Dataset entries

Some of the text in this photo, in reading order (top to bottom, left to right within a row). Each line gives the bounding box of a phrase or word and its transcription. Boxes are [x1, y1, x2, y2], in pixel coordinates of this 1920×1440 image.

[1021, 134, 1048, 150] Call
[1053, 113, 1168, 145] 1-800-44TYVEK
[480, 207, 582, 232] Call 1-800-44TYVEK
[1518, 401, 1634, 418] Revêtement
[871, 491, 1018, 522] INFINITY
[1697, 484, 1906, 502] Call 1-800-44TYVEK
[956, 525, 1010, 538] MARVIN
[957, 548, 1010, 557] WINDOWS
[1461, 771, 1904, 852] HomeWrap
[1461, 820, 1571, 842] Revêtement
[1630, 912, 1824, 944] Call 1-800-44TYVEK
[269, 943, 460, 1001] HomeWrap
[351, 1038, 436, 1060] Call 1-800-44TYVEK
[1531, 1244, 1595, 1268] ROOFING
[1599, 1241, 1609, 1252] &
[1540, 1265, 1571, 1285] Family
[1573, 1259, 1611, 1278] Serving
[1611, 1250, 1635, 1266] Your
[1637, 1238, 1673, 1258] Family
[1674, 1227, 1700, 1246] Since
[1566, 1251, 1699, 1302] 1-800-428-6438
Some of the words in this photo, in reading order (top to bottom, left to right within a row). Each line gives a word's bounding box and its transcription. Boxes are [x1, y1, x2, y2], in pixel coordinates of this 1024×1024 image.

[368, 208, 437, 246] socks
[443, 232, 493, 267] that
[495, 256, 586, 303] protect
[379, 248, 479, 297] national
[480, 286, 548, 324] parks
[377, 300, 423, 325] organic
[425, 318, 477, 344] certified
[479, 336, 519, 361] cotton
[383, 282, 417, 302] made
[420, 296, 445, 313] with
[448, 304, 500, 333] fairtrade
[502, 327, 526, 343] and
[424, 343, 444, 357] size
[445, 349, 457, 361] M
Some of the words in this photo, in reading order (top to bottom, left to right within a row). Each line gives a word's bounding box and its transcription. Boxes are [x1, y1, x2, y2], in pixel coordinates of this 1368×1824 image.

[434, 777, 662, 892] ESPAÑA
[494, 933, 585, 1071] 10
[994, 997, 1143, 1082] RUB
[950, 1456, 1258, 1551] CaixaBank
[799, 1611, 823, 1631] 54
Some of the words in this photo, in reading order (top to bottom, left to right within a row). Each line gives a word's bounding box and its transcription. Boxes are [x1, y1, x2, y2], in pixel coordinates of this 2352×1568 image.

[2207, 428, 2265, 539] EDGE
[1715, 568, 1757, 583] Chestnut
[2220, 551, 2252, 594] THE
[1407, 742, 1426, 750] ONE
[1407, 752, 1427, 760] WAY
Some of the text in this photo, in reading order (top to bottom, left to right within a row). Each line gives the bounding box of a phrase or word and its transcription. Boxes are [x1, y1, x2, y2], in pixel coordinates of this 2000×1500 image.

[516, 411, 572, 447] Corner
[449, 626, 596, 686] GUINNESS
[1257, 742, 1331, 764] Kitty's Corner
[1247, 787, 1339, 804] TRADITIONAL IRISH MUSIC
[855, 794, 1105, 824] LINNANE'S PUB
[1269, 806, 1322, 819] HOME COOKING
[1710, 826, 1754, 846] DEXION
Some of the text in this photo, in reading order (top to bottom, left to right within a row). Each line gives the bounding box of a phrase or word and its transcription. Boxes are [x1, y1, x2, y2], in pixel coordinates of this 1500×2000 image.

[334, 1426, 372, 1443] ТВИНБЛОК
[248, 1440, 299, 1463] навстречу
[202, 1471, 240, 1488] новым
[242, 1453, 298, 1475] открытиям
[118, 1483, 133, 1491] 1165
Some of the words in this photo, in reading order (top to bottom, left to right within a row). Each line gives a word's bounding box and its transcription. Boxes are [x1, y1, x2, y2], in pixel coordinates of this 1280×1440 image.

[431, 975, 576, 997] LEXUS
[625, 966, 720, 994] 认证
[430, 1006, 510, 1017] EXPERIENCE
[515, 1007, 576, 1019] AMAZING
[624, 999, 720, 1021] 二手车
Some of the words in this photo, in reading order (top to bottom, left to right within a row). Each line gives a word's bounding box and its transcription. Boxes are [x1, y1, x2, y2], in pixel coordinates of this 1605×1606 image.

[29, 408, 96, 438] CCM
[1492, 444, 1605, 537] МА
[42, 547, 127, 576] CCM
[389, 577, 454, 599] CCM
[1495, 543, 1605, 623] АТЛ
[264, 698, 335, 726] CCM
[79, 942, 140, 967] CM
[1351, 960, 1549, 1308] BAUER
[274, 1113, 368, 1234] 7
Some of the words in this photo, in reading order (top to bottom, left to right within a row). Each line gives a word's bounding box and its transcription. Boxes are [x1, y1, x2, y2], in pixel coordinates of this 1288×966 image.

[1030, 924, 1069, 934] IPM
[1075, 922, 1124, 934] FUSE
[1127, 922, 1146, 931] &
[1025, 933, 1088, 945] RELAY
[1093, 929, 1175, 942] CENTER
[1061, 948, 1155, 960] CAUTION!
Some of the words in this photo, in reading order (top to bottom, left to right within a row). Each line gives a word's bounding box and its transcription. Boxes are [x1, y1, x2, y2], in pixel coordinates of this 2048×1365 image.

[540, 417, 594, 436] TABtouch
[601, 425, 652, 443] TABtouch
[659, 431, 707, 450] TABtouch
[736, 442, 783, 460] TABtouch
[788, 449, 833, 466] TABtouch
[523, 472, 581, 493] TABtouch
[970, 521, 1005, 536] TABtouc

* Work task *
Without omitting anything, reproduce the whole of the data.

* Result of the task *
Some of the text in this photo, in reading order (top to bottom, left to right within a row). Each line gives the bounding box of a phrase or word and its transcription. Boxes are [x1, y1, x2, y2], in pixel coordinates of this 1920×1440 image.

[1021, 134, 1048, 150] Call
[1053, 113, 1168, 145] 1-800-44TYVEK
[480, 207, 582, 232] Call 1-800-44TYVEK
[1518, 401, 1634, 418] Revêtement
[871, 491, 1018, 522] INFINITY
[1697, 484, 1906, 502] Call 1-800-44TYVEK
[956, 525, 1010, 538] MARVIN
[957, 548, 1010, 557] WINDOWS
[1461, 771, 1904, 852] HomeWrap
[1461, 820, 1571, 842] Revêtement
[1630, 912, 1824, 944] Call 1-800-44TYVEK
[269, 943, 460, 1001] HomeWrap
[351, 1038, 436, 1060] Call 1-800-44TYVEK
[1531, 1244, 1595, 1268] ROOFING
[1599, 1241, 1609, 1252] &
[1540, 1265, 1571, 1285] Family
[1573, 1259, 1611, 1278] Serving
[1611, 1250, 1635, 1266] Your
[1637, 1238, 1673, 1258] Family
[1674, 1227, 1700, 1246] Since
[1566, 1251, 1699, 1302] 1-800-428-6438
Some of the words in this photo, in reading order (top to bottom, left to right within a row). Each line gives a word's bounding box and its transcription. Boxes are [x1, y1, x2, y2], in pixel coordinates of this 1024×1024 image.

[368, 208, 437, 246] socks
[443, 232, 493, 267] that
[495, 256, 586, 303] protect
[379, 248, 479, 297] national
[480, 286, 548, 324] parks
[377, 300, 423, 325] organic
[425, 318, 477, 344] certified
[479, 336, 519, 361] cotton
[383, 282, 417, 302] made
[420, 296, 445, 313] with
[448, 304, 500, 333] fairtrade
[502, 327, 526, 343] and
[424, 343, 444, 357] size
[445, 349, 457, 361] M
Some of the words in this photo, in reading order (top to bottom, left to right within a row). Each line gives a word's bounding box and its transcription. Boxes are [x1, y1, x2, y2], in pixel coordinates of this 1368×1824 image.

[434, 777, 662, 892] ESPAÑA
[494, 933, 585, 1071] 10
[994, 997, 1143, 1082] RUB
[950, 1456, 1258, 1551] CaixaBank
[799, 1611, 823, 1631] 54
Some of the words in this photo, in reading order (top to bottom, left to right within a row). Each line gives a word's bounding box and its transcription. Boxes are [x1, y1, x2, y2], in pixel coordinates of this 2352×1568 image.

[2207, 428, 2265, 539] EDGE
[1715, 568, 1757, 583] Chestnut
[2220, 551, 2252, 594] THE
[1407, 742, 1426, 750] ONE
[1407, 752, 1427, 760] WAY
Some of the text in this photo, in reading order (top to bottom, left to right within a row). Each line gives the bounding box of a phrase or word and its transcription. Boxes are [x1, y1, x2, y2], in pixel coordinates of this 2000×1500 image.

[516, 411, 572, 447] Corner
[449, 626, 596, 686] GUINNESS
[1257, 742, 1331, 764] Kitty's Corner
[1247, 787, 1339, 804] TRADITIONAL IRISH MUSIC
[855, 794, 1105, 824] LINNANE'S PUB
[1269, 806, 1322, 819] HOME COOKING
[1710, 826, 1754, 846] DEXION
Some of the text in this photo, in reading order (top to bottom, left to right within a row). Each line gives the bounding box of a phrase or word and its transcription. Boxes are [x1, y1, x2, y2], in pixel coordinates of this 1500×2000 image.

[334, 1426, 372, 1443] ТВИНБЛОК
[248, 1440, 299, 1463] навстречу
[202, 1471, 240, 1488] новым
[242, 1453, 298, 1475] открытиям
[118, 1483, 133, 1491] 1165
Some of the words in this photo, in reading order (top to bottom, left to right within a row). Each line gives a word's bounding box and its transcription. Boxes are [x1, y1, x2, y2], in pixel coordinates of this 1280×1440 image.

[431, 975, 576, 997] LEXUS
[625, 966, 720, 994] 认证
[430, 1006, 510, 1017] EXPERIENCE
[515, 1007, 576, 1019] AMAZING
[624, 999, 720, 1021] 二手车
Some of the words in this photo, in reading order (top to bottom, left to right within a row). Each line gives a word's bounding box and its transcription. Boxes are [x1, y1, x2, y2], in pixel coordinates of this 1605×1606 image.

[29, 408, 96, 438] CCM
[1492, 444, 1605, 537] МА
[42, 547, 127, 576] CCM
[389, 577, 454, 599] CCM
[1495, 543, 1605, 623] АТЛ
[264, 698, 335, 726] CCM
[79, 942, 140, 967] CM
[1351, 960, 1549, 1308] BAUER
[274, 1113, 368, 1234] 7
Some of the words in this photo, in reading order (top to bottom, left to right within a row). Each line gives a word's bounding box and its transcription. Boxes are [x1, y1, x2, y2], in pixel coordinates of this 1288×966 image.

[1030, 924, 1069, 934] IPM
[1075, 922, 1124, 934] FUSE
[1127, 922, 1146, 931] &
[1025, 933, 1088, 945] RELAY
[1093, 929, 1175, 942] CENTER
[1061, 948, 1155, 960] CAUTION!
Some of the words in this photo, in reading order (top to bottom, left to right within a row). Each line gives a word's bounding box and its transcription. Boxes are [x1, y1, x2, y2], in pixel coordinates of this 2048×1365 image.

[540, 417, 594, 436] TABtouch
[601, 425, 652, 443] TABtouch
[659, 431, 707, 450] TABtouch
[736, 442, 783, 460] TABtouch
[788, 449, 833, 466] TABtouch
[523, 472, 581, 493] TABtouch
[970, 521, 1005, 536] TABtouc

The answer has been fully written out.